### PROBLEM TO WORK ON
Please set down, word for word, the line that contains "this 1500×1688 image." and every line after it to the end of the entries below, omitting the pictures.

### PROVIDED DATA
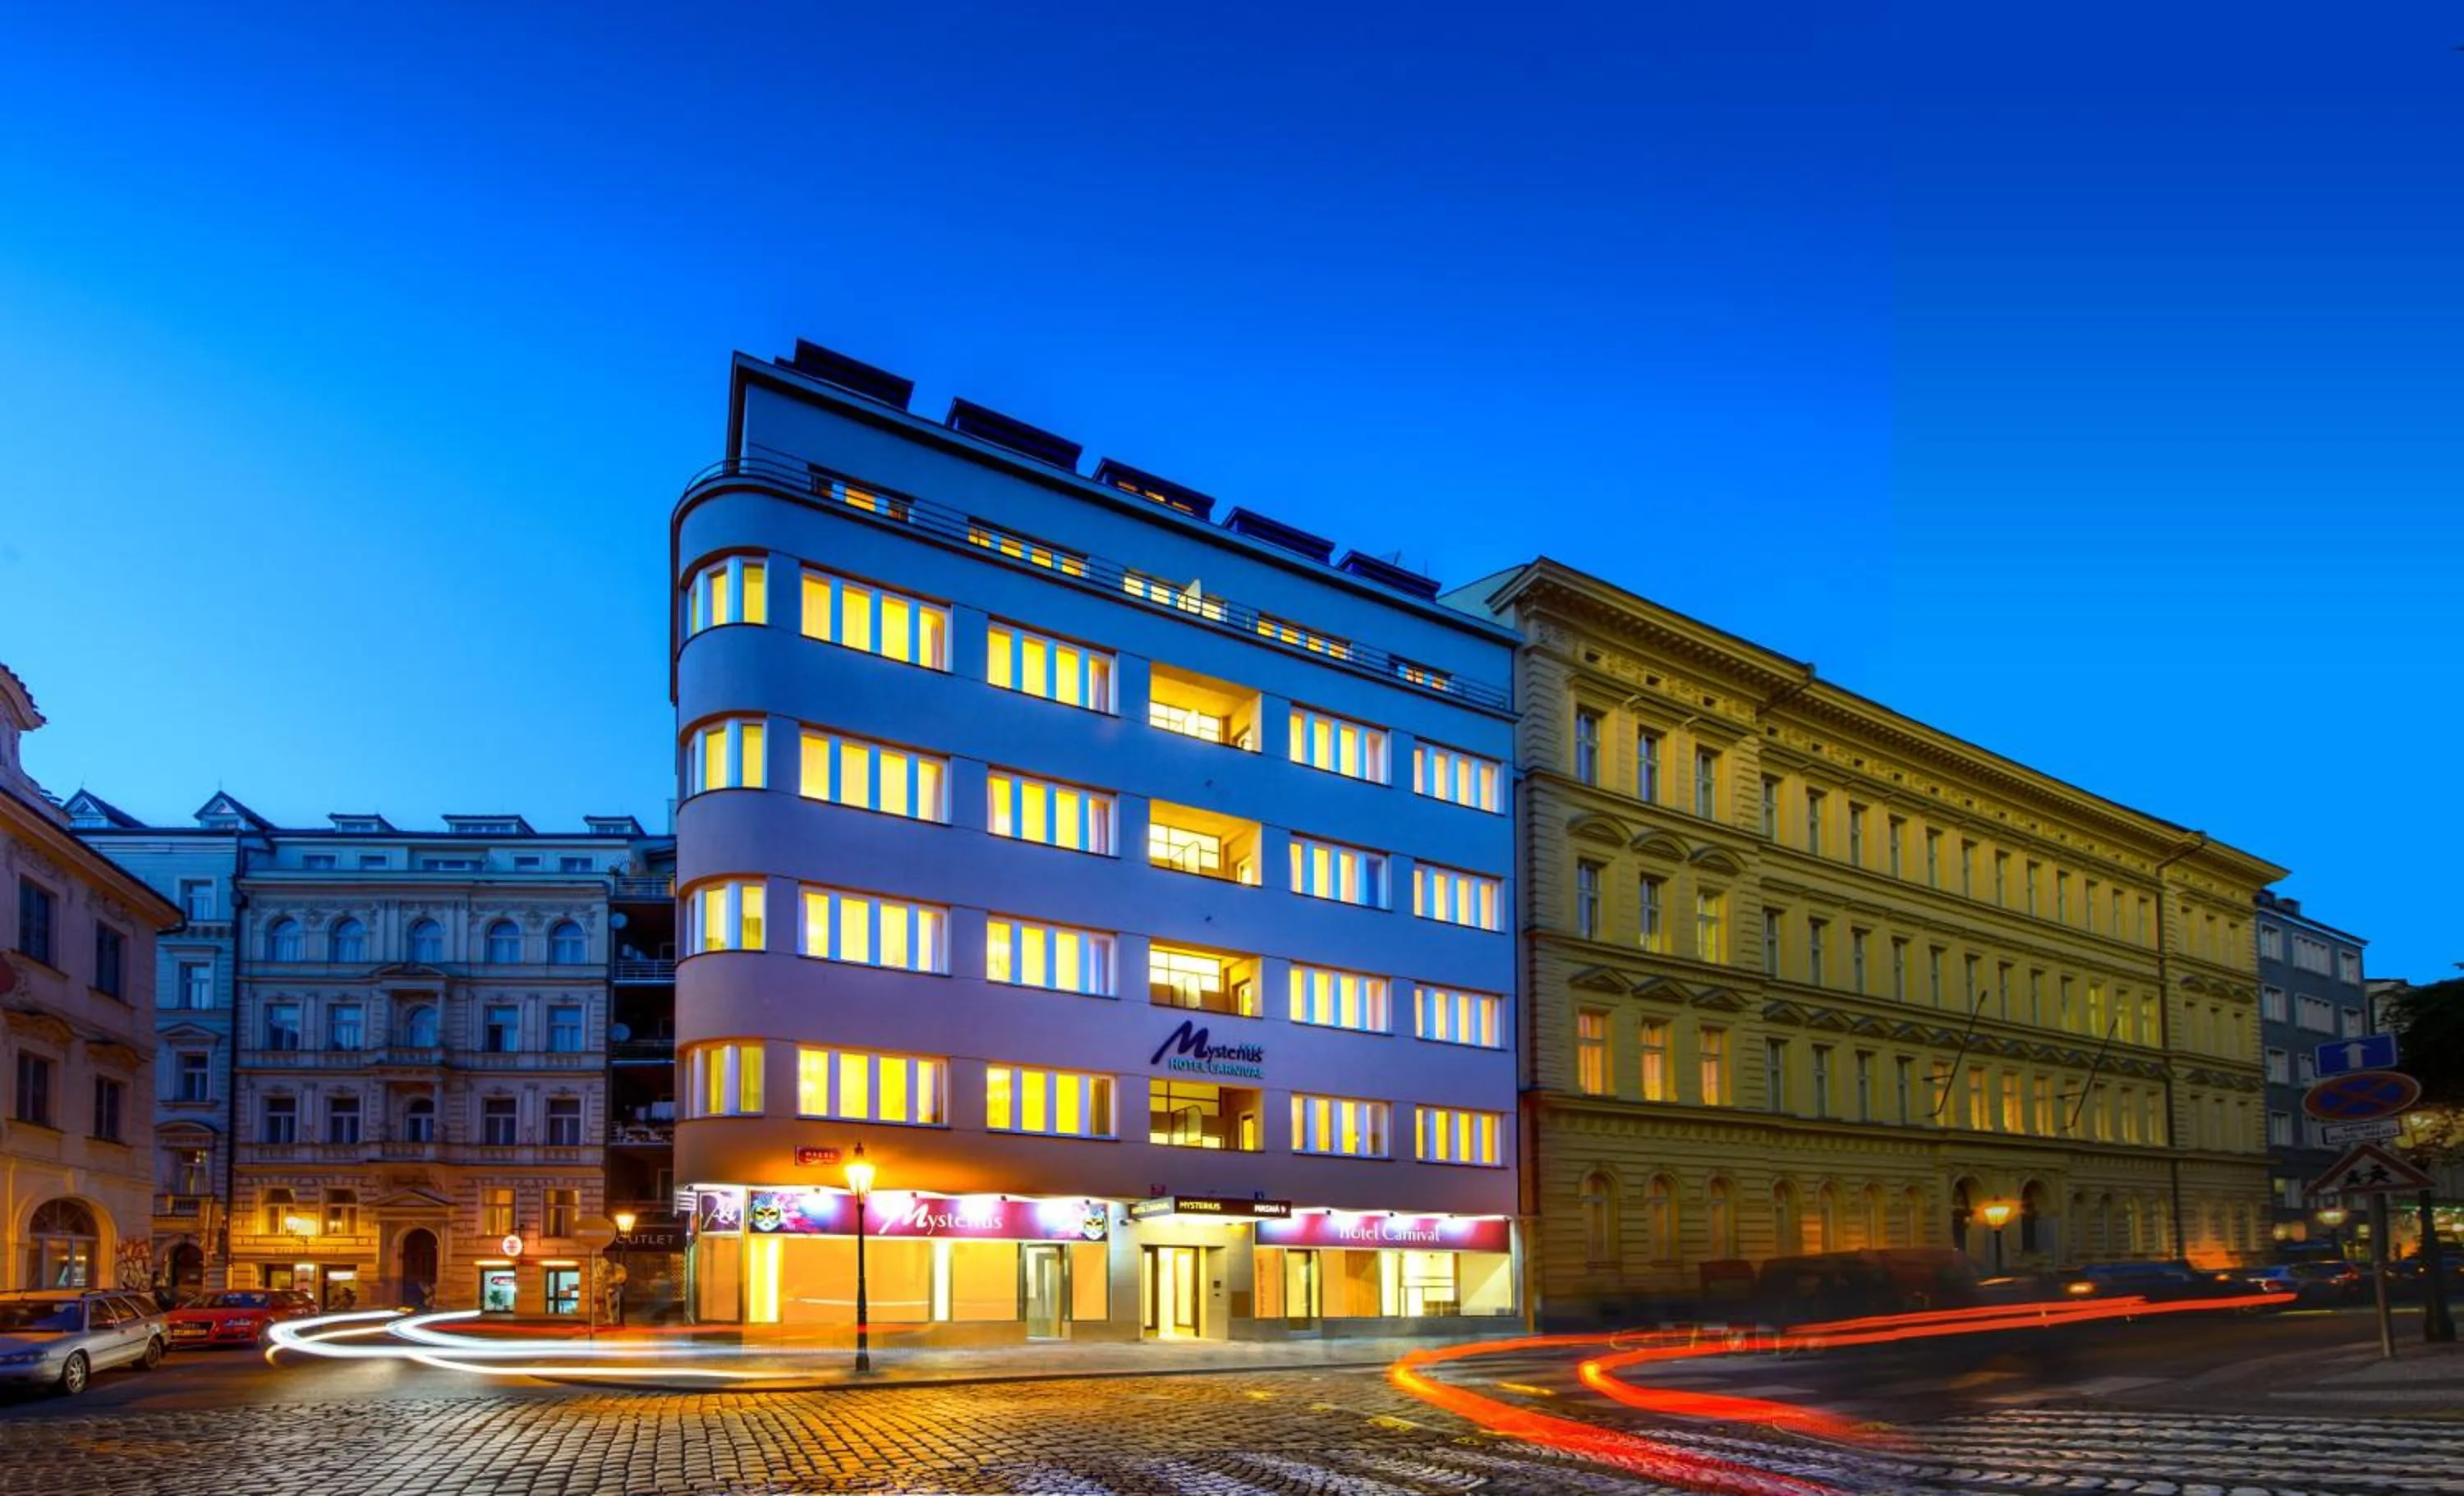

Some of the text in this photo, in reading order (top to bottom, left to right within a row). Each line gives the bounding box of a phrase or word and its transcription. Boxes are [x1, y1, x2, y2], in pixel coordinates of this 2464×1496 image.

[1151, 1020, 1263, 1063] Mysterius
[1169, 1057, 1264, 1080] HOTEL CARNIVAL
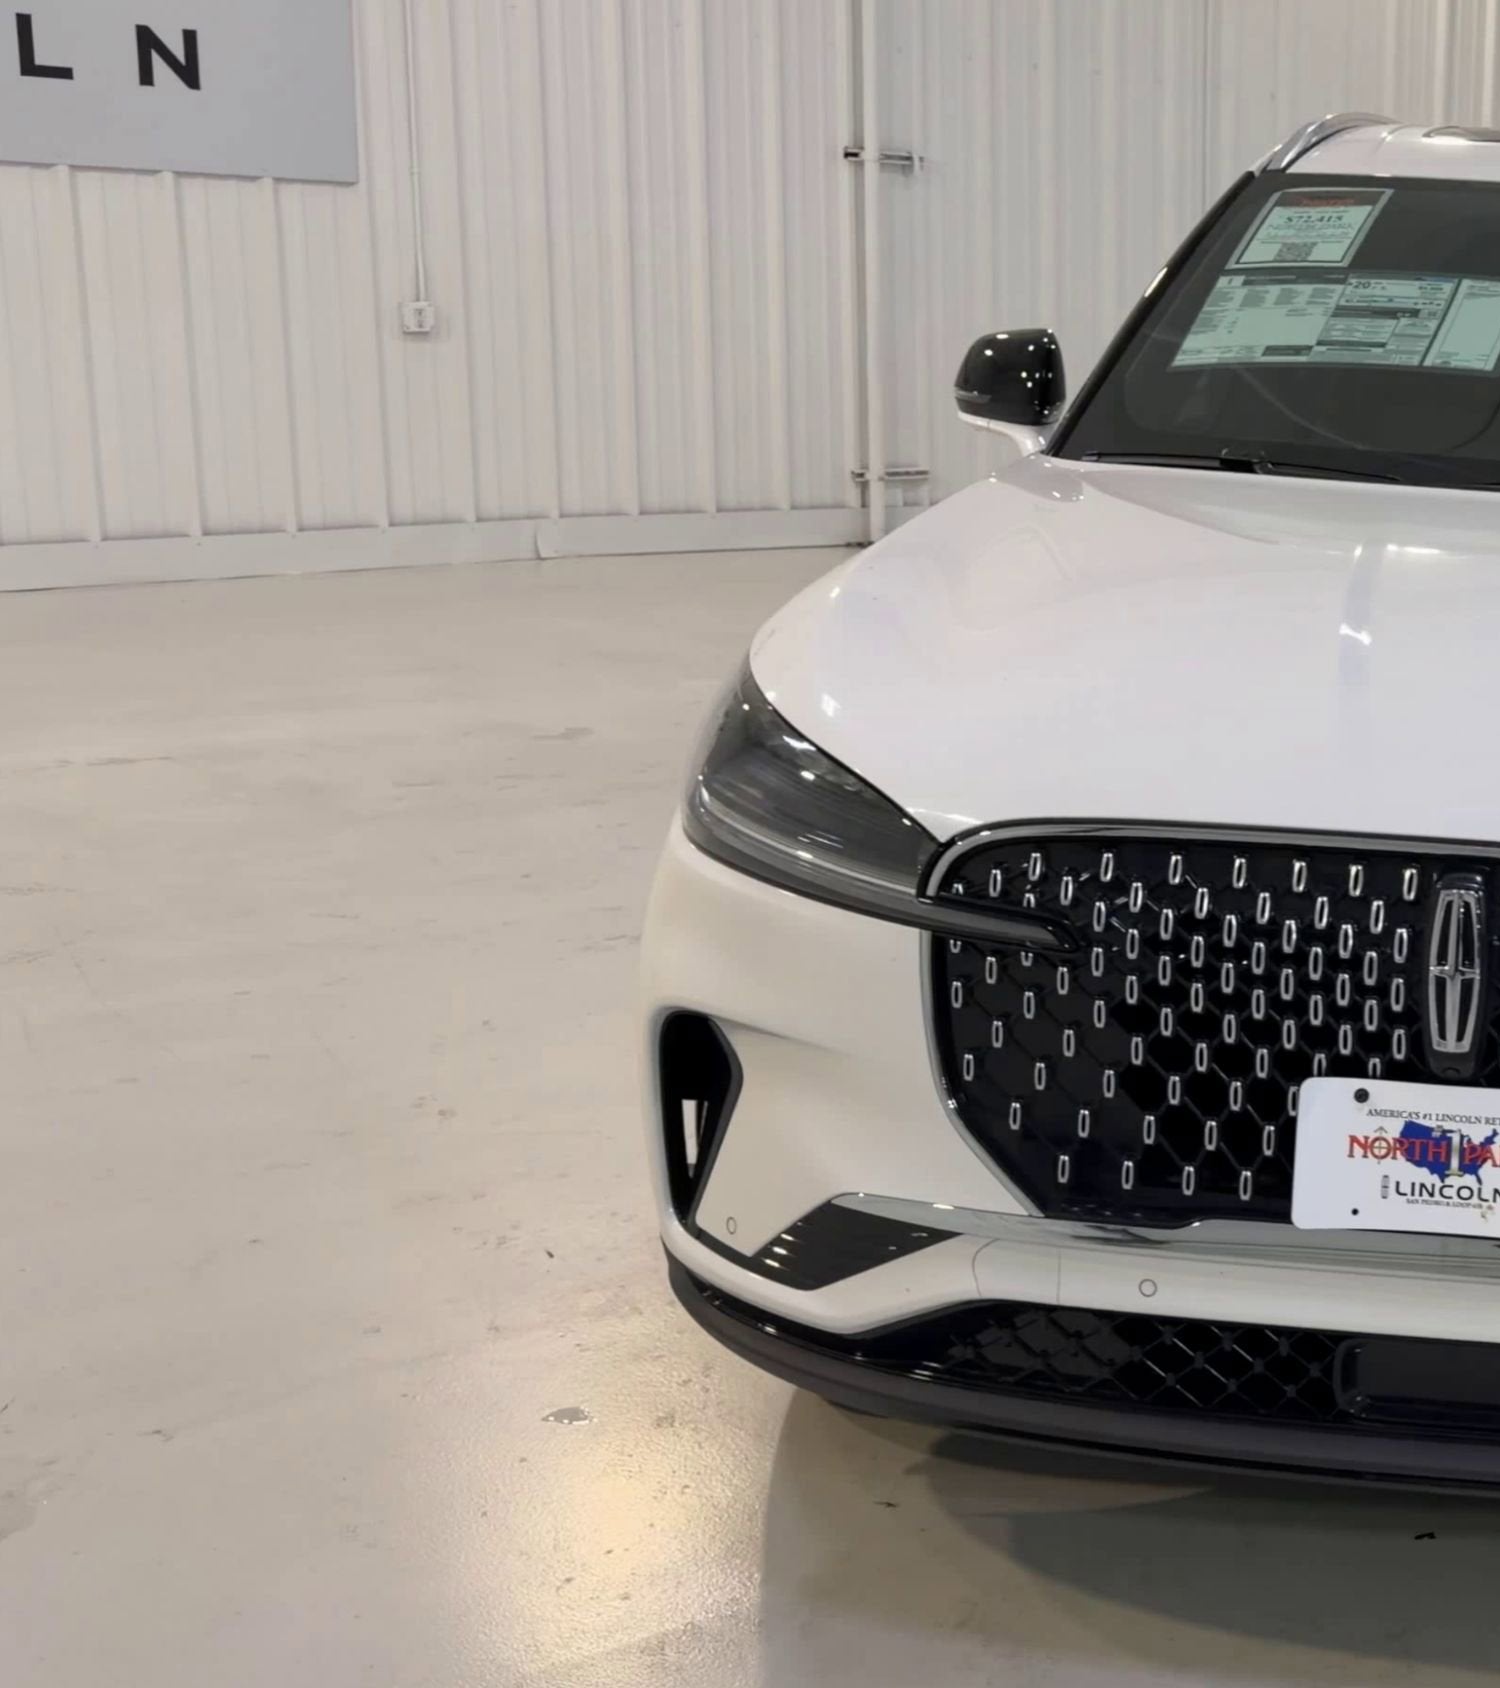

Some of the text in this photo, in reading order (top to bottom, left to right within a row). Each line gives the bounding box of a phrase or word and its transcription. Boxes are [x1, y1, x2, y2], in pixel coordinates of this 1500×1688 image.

[1366, 1108, 1421, 1120] AMERICA'S
[1435, 1113, 1482, 1125] LINCOLN
[1347, 1134, 1449, 1162] NORTH
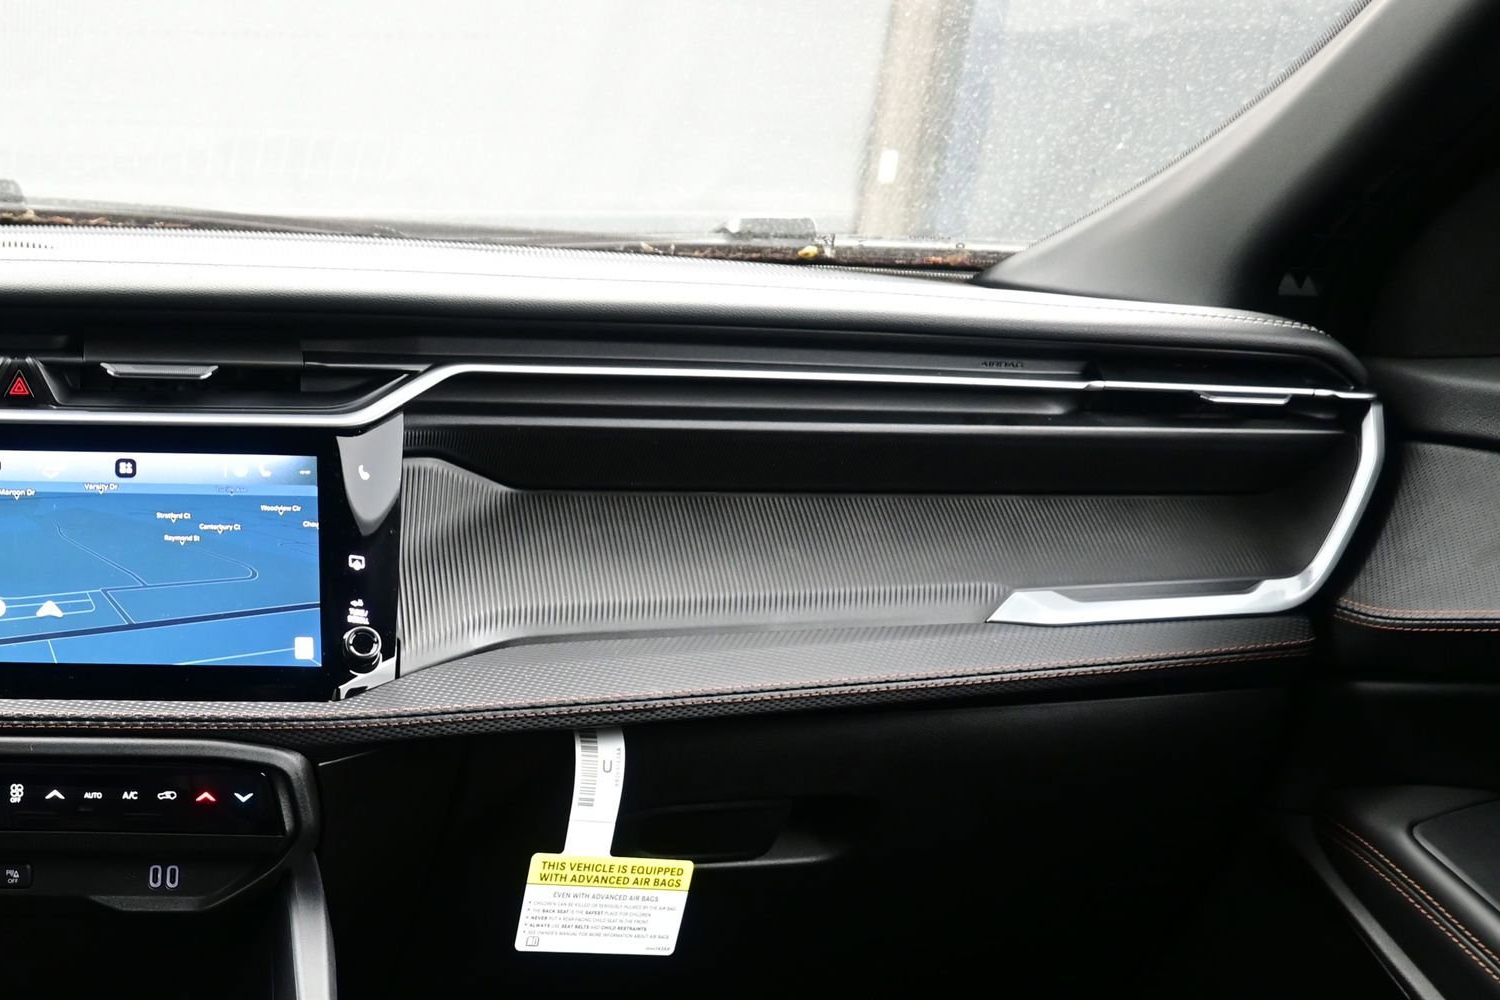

### EXERCISE OUTPUT
Some of the text in this photo, in reading order (top to bottom, left to right within a row). Each line gives the bounding box of a phrase or word and its transcription. Boxes are [x1, y1, x2, y2], in pixel coordinates of this 1500×1688 image.

[1366, 1108, 1421, 1120] AMERICA'S
[1435, 1113, 1482, 1125] LINCOLN
[1347, 1134, 1449, 1162] NORTH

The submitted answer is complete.